The Chronicle

A game changer

AT 14, YOUTUBE WHIZ REEKID EARNS THOUSANDS A WEEK AND OWNS HIS OWN HOME

- JONATHON MORAN

It certainly beats doing a paper run. Aussie teen Reekid is earning thousands of dollars a week making videos for his nearly 900,000 YouTube followers. The 14-year-old has even bought his first house, a two-bedroom prefab home he built on his parents property on the south coast of NSW.

Reekid, who wants to keep his real name private, is part of a new wave of social media celebritie­s, earning what many would consider a fortune for his gaming videos.

“I could go work in retail if I wanted to or I could go get a job at Macca’s flipping burgers,” he says. “It is astonishin­g to me that I am where I am. I had never even thought it would happen and to the degree of never thinking it would happen by never pursuing it. Over time, it just came to me. It went from me playing virtual reality here and there online and talking to people to meeting a few smaller VR YouTubers and then us all blowing up from each other’s antics.”

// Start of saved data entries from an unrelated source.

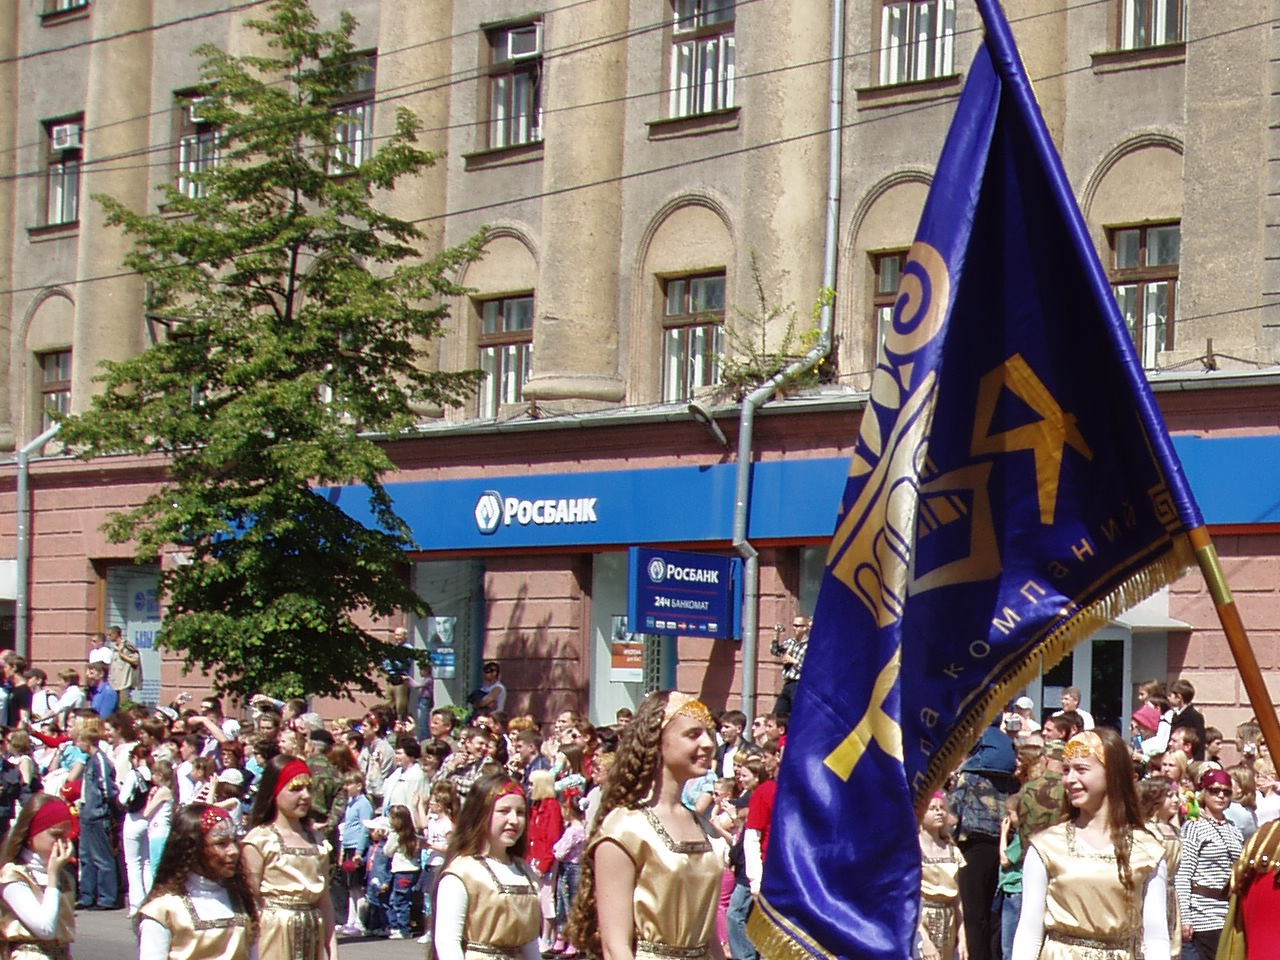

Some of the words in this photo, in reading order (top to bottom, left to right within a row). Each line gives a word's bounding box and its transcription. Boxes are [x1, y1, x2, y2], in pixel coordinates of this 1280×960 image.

[504, 497, 598, 525] РОСБАНК
[666, 564, 719, 584] РОСБАНК
[671, 599, 710, 611] БАНКОМАТ
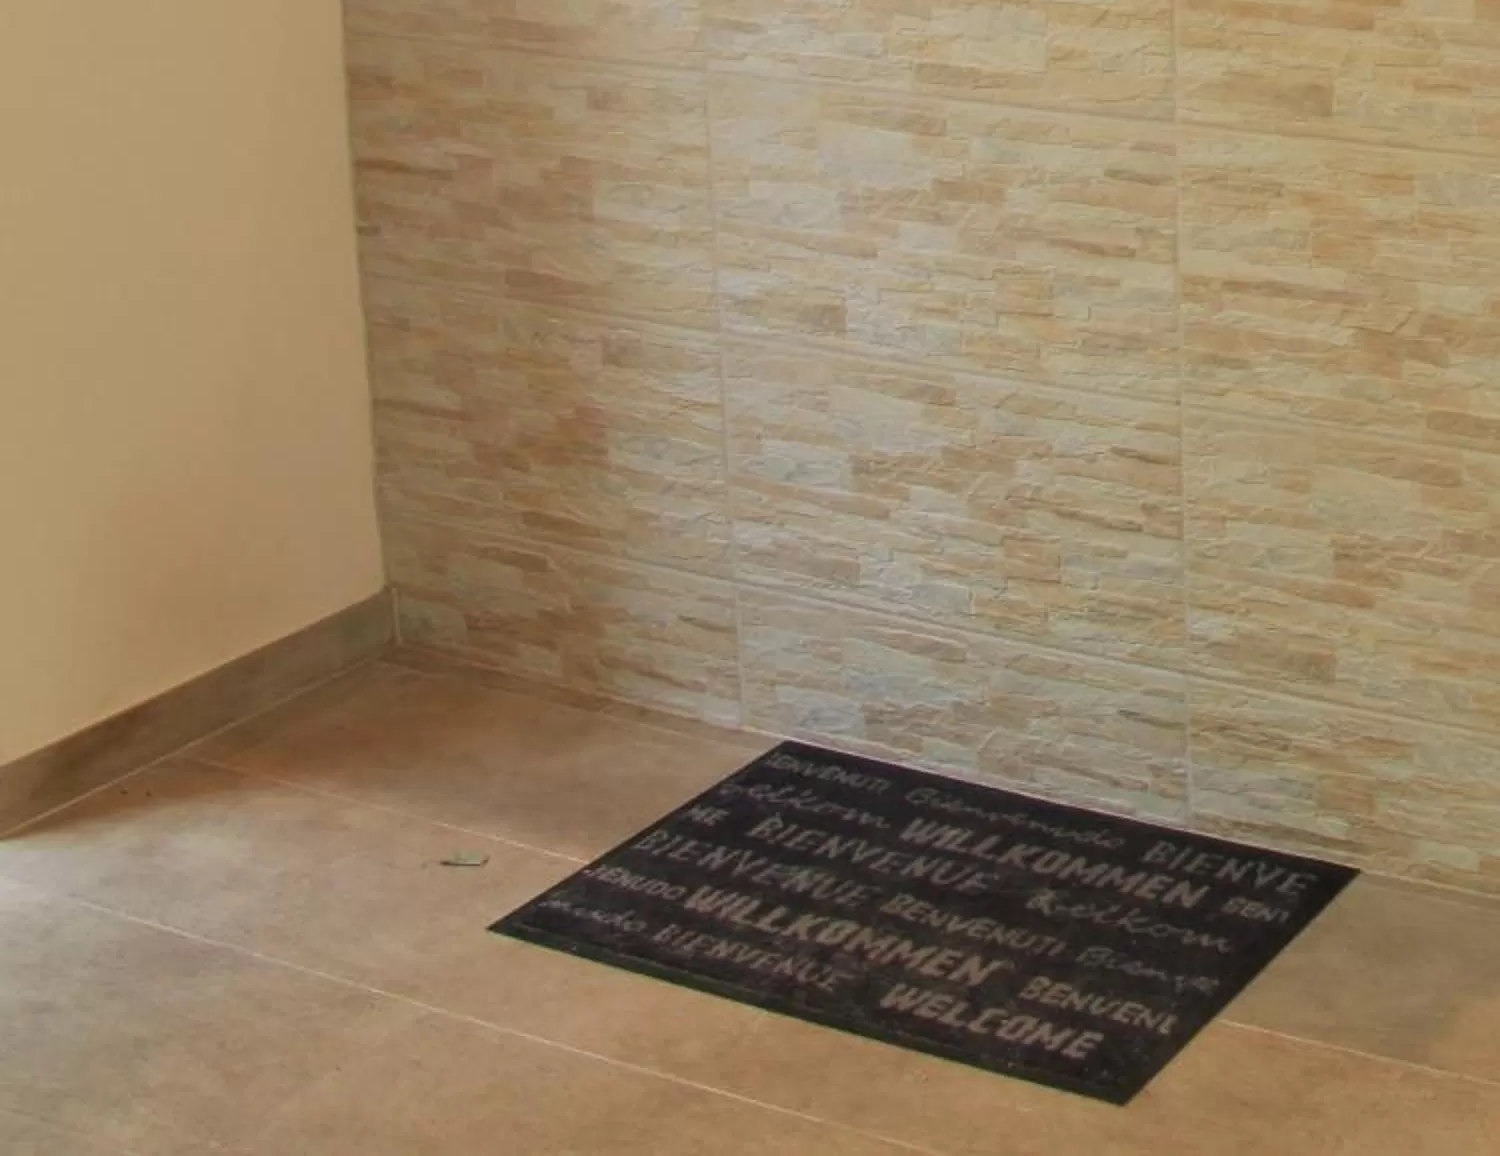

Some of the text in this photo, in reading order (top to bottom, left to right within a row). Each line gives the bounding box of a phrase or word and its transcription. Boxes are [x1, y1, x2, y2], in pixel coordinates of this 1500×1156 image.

[634, 830, 881, 907] BIENVENUE
[880, 892, 1068, 957] BENVENUTI
[746, 815, 998, 891] BIENVENUE
[900, 817, 1210, 908] WILLKOMMEN
[684, 885, 1006, 986] WILLKOMMEN
[652, 924, 856, 992] BIENVENUE
[880, 983, 1104, 1061] WELCOME

Reekid’s parents recently helped him sort out management representa­tion and he pulled out of year nine at regular school in February to study remotely with big dreams for his future.

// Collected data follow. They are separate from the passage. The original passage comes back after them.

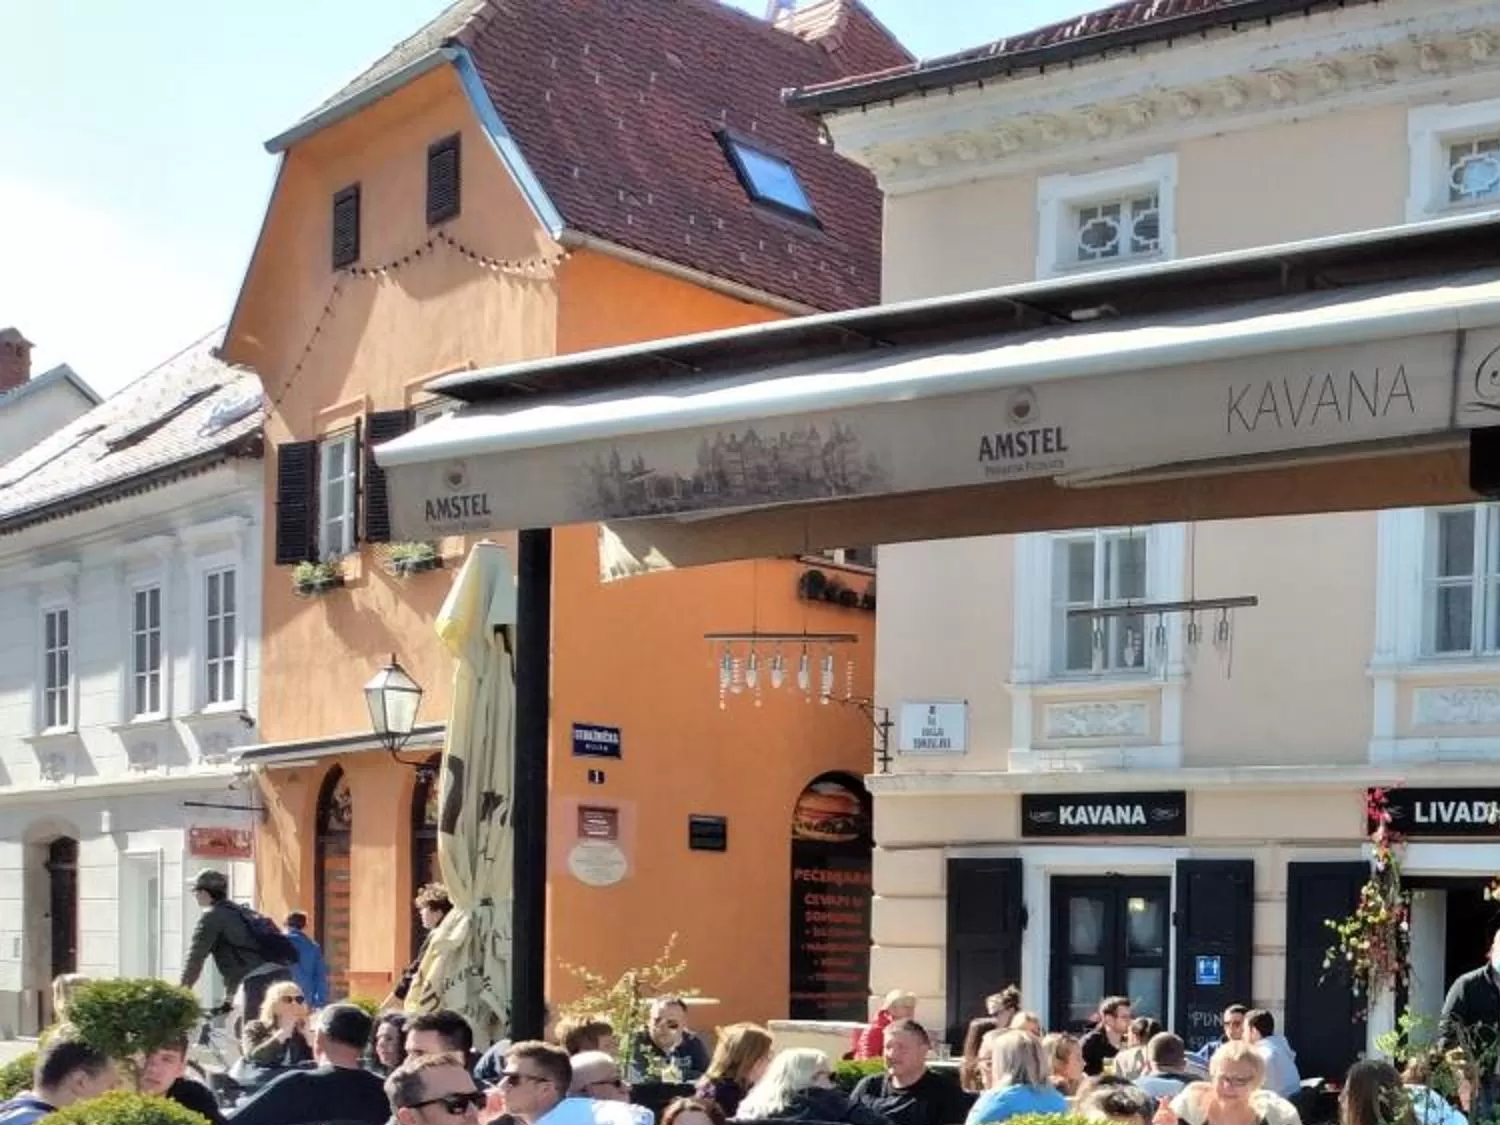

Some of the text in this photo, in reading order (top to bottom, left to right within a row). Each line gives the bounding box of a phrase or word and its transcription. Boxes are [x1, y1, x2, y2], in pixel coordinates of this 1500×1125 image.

[1226, 363, 1415, 434] KAVANA
[978, 426, 1068, 462] AMSTEL
[425, 493, 491, 522] AMSTEL
[1059, 805, 1147, 825] KAVANA
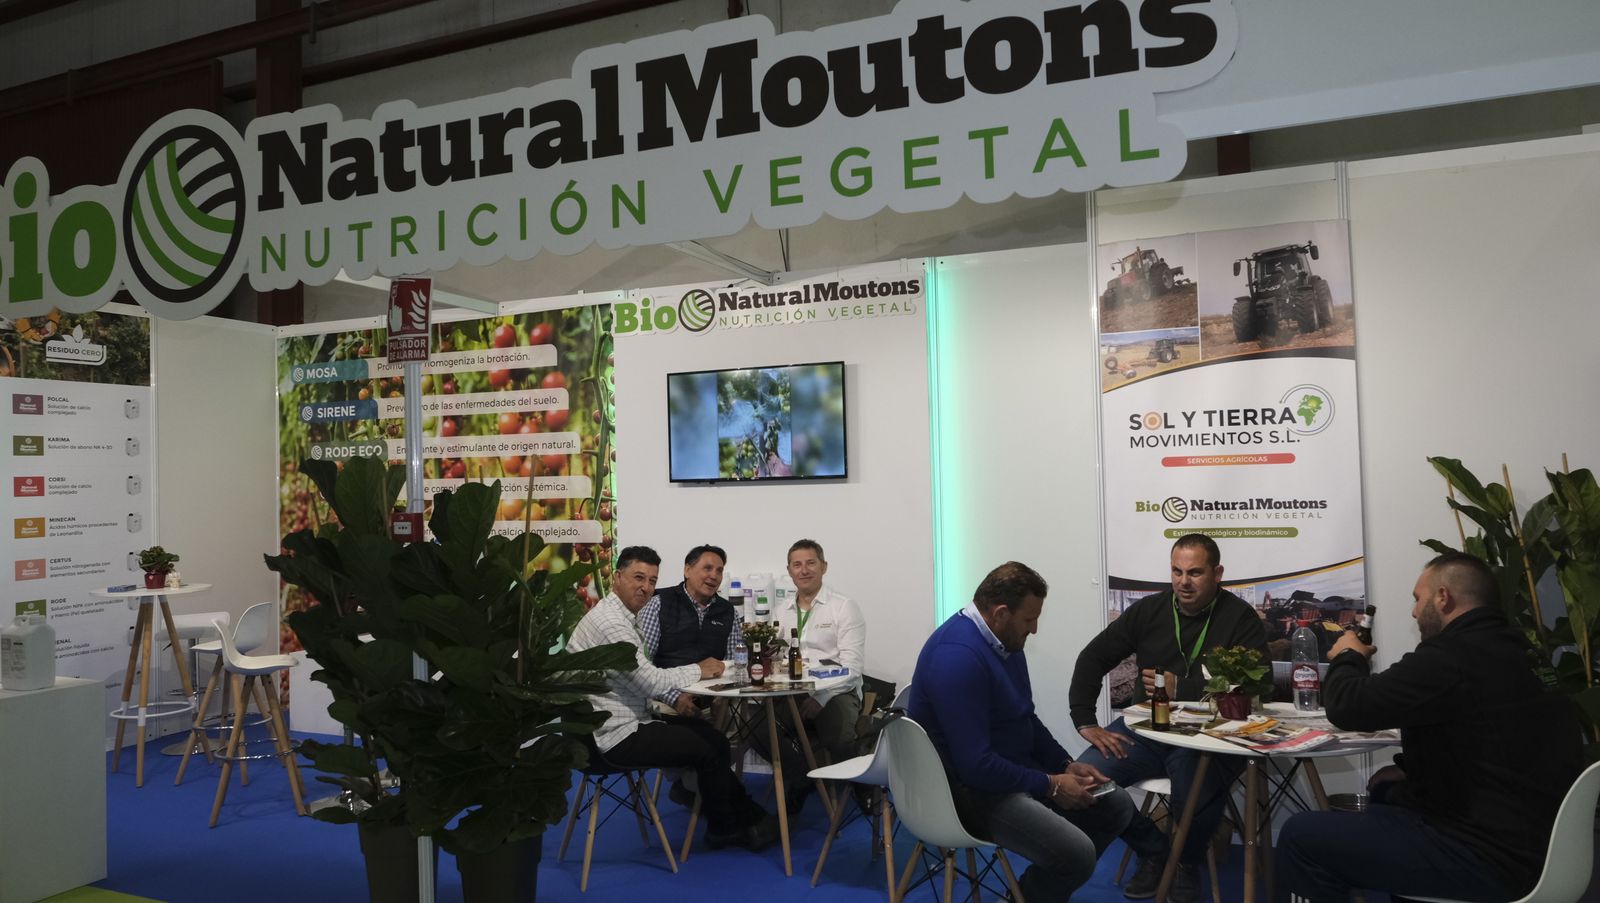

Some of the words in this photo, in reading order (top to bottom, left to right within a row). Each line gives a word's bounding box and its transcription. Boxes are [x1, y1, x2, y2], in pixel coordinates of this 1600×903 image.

[261, 180, 646, 273] NUTRICIÓN
[704, 108, 1160, 213] VEGETAL
[0, 171, 117, 303] io
[614, 297, 677, 333] Bio
[719, 308, 817, 327] NUTRICIÓN
[827, 302, 912, 318] VEGETAL
[47, 346, 80, 355] RESIDUO
[389, 339, 427, 351] PULSADOR
[396, 349, 427, 360] ALARMA
[477, 355, 485, 364] la
[486, 353, 531, 364] brotación.
[306, 367, 338, 379] MOSA
[429, 401, 439, 411] de
[441, 401, 453, 411] las
[455, 397, 516, 409] enfermedades
[517, 396, 532, 406] del
[533, 396, 560, 406] suelo.
[317, 405, 356, 418] SIRENE
[1129, 412, 1175, 431] SOL
[1181, 411, 1197, 428] Y
[1203, 407, 1297, 427] TIERRA
[1130, 431, 1263, 448] MOVIMIENTOS
[1269, 430, 1301, 444] S.L.
[325, 447, 357, 458] RODE
[359, 445, 383, 457] ECO
[439, 446, 445, 456] y
[446, 444, 496, 454] estimulante
[498, 442, 509, 452] de
[511, 441, 540, 453] origen
[541, 440, 576, 450] natural.
[1186, 457, 1225, 465] SERVICIOS
[1226, 455, 1268, 464] AGRÍCOLAS
[524, 483, 569, 492] sstémica.
[1135, 501, 1161, 513] Bio
[1191, 511, 1259, 520] NUTRICIÓN
[1267, 511, 1323, 519] VEGETAL
[530, 526, 581, 537] omplejado.
[1244, 529, 1289, 537] biodinámico

Now his days are spent in front of the $10,000-plus computer set up in the spare bedroom of his small home he says he had to get because “otherwise I would have driven my parents insane”.

The blonde teen still lives on the same block as his parents, who stay in a granny flat they extended after the family home was burnt down in the 2020 bushfires that ravaged much of NSW and Victoria.

“In layman’s terms, I create videos for people on the internet. I do virtual reality,” he explains. “It is pretty much a headset that you wear over your eyes, like a mask that puts you in a virtual world.”

Reekid, who has six-year-old twin siblings, says he has “lost count” of how many hours he spends a day on his computer.

“I get up, eat breakfast, have a shower and sit down and see what I can record for the day and play video games,” he says. “I just generally like video games. It’s always been something that I’ve enjoyed doing.”

Virtual reality enables a gamer to transport themselves into another world. “You can take the game tag or tips for example but with it in the middle of space with robots, or you play tag as a gorilla.”

Reekid’s gaming profile has seen him recognised on the street, something that sits slightly uncomforta­bly with him but he is getting used to. On a recent trip to Sydney to meet with his management, he did an impromptu meet and greet with fans who joined him at the Pitt Street Mall shopping strip for photograph­s.

He will soon release a series of non-fungible digital token trading cards, which will provide further opportunit­ies to interact with fans via trading and collecting the cards.

Reekid is also active with a strong following across Instagram (274,000 followers) and TikTok (55,000 followers). He is tracking to hit one million subscriber­s on YouTube over the next few months.

But he has already learnt that fame comes at a cost.

“It is a weird grey area,” he says. “This is an incredible experience but what am I missing out on? What are the things that I’m not going to learn that every other kid is learning? Am I missing out on the experience­s of school because I got recognised to a point so bad of constant bullying and constant harassment that I had to leave and do homeschool­ing. That takes a toll on you when you’re trying to just do something you enjoy and you constantly get into fights because of it.

“It ended up with me coming home bruised and bloody over something that I enjoy doing. There is no reason I should be getting into fights because I like to play computer games.”

The name Reekid came from his screaming in YouTube videos “and being loud, funny, humorous and whatnot”.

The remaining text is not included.